Structural convergence and algebraic roots
David Hartman, Tomáš Hons, Jaroslav Nešetřil
TL;DR
This work resolves a refined version of the rooting problem in $FO$-convergence: if a sequence of graphs $(G_n)$ converges to a modeling limit $L$ and $r$ is an algebraic vertex of $L$ (i.e., lies in a finite definable set), then there exist $r_n in V(G_n)$ such that $(G_n, r_n)$ FO-converges to $(L, r)$. The authors achieve this through a three-tier strategy: (i) establish rooting for a single FO formula by analyzing the pushforward measure on the finite definable set $\xi(L)$ and ordering atoms by their induced probabilities; (ii) extend to any finite collection of formulas via a carefully constructed combined formula whose parameters separate the contributions; (iii) extend to all FO formulas using compactness and a König’s lemma argument to produce an infinite rooting path witnessing convergence for all formulas. A finite boolean lattice lemma and Newton-type identities are used to guarantee continuity of the relevant probability profiles, enabling a robust passage from finite to infinitary considerations. The paper also provides explicit examples showing the optimality of the finite definable-set condition and discusses gadget constructions that preserve FO-convergence while controlling rooting.
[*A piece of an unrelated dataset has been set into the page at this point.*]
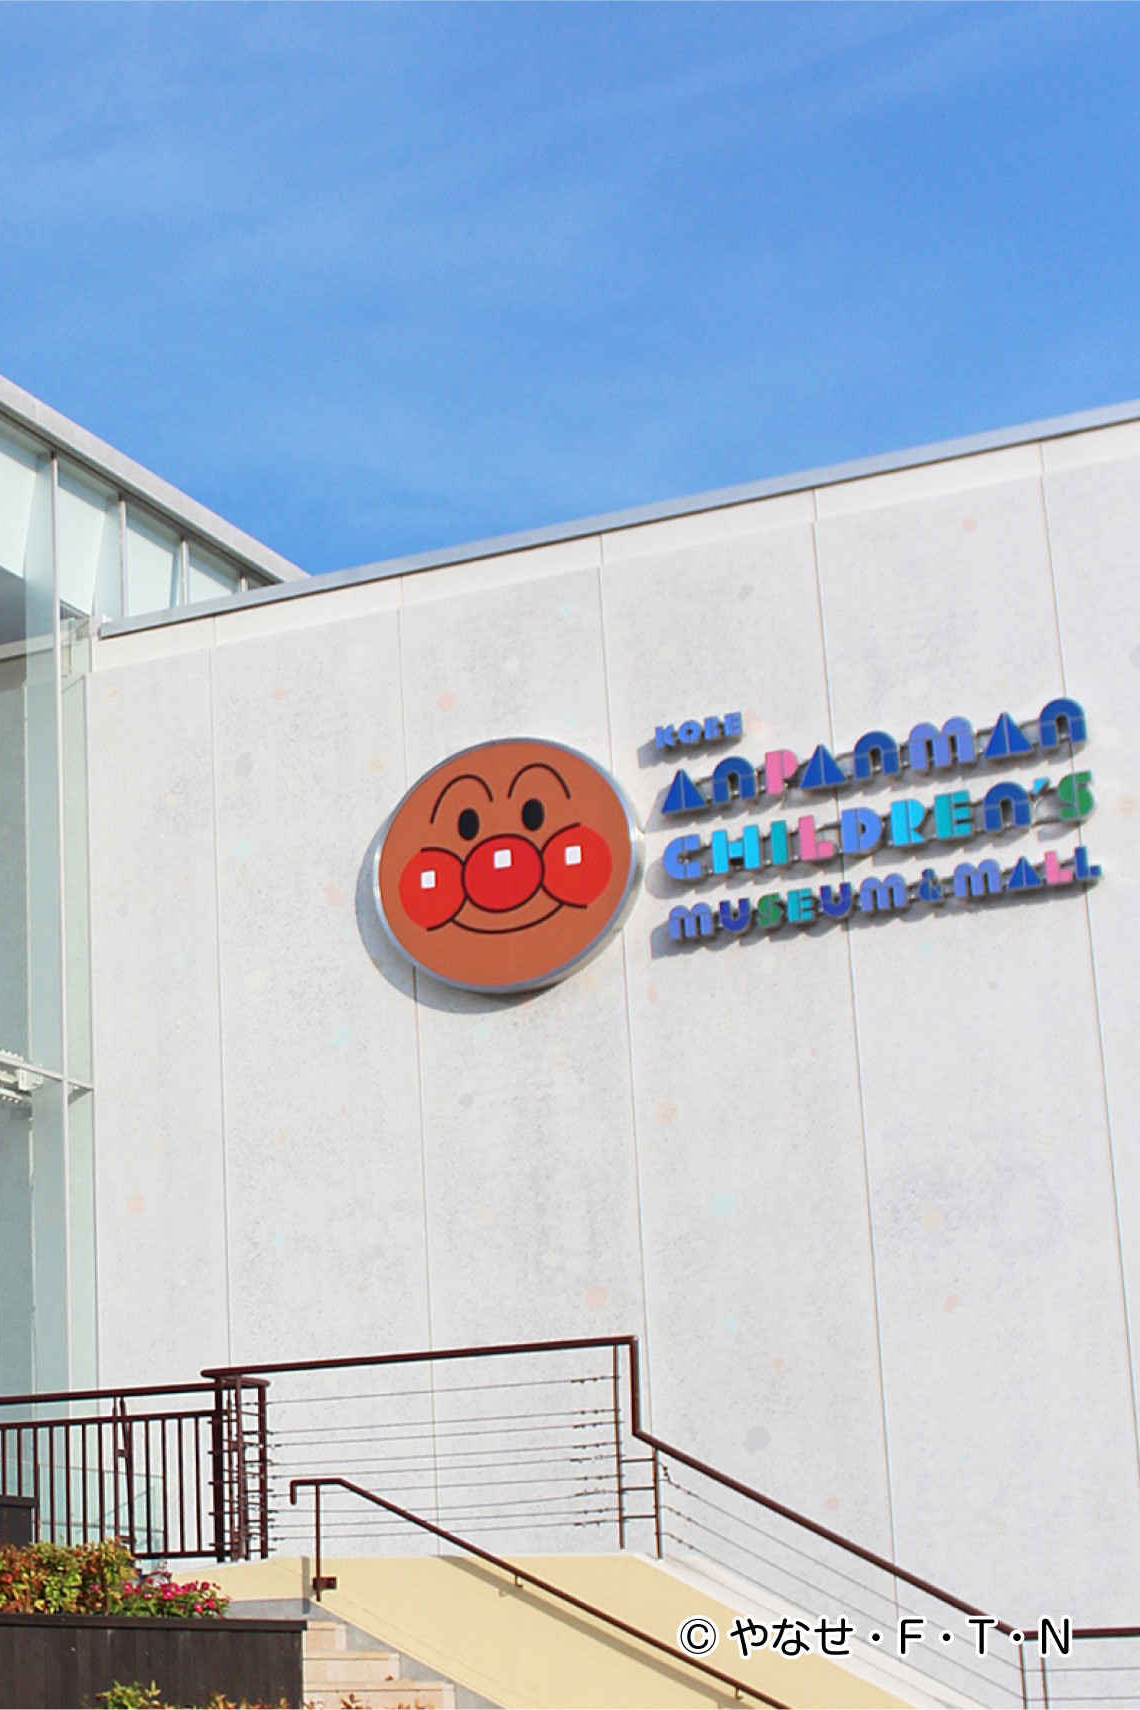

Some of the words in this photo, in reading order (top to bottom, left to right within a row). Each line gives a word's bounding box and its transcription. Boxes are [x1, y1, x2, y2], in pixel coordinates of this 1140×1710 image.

Overall, the results advance the understanding of how algebraic definability of roots governs the feasibility of rooted FO-limits in structural convergence, with implications for gadget-based graph constructions and modeling limits.
Abstract
Structural convergence is a framework for convergence of graphs by Nešetřil and Ossona de Mendez that unifies the dense (left) graph convergence and Benjamini-Schramm convergence. They posed a problem asking whether for a given sequence of graphs $(G_n)$ converging to a limit $L$ and a vertex $r$ of $L$ it is possible to find a sequence of vertices $(r_n)$ such that $L$ rooted at $r$ is the limit of the graphs $G_n$ rooted at $r_n$. A counterexample was found by Christofides and Král', but they showed that the statement holds for almost all vertices $r$ of $L$. We offer another perspective to the original problem by considering the size of definable sets to which the root $r$ belongs. We prove that if $r$ is an algebraic vertex (i.e. belongs to a finite definable set), the sequence of roots $(r_n)$ always exists.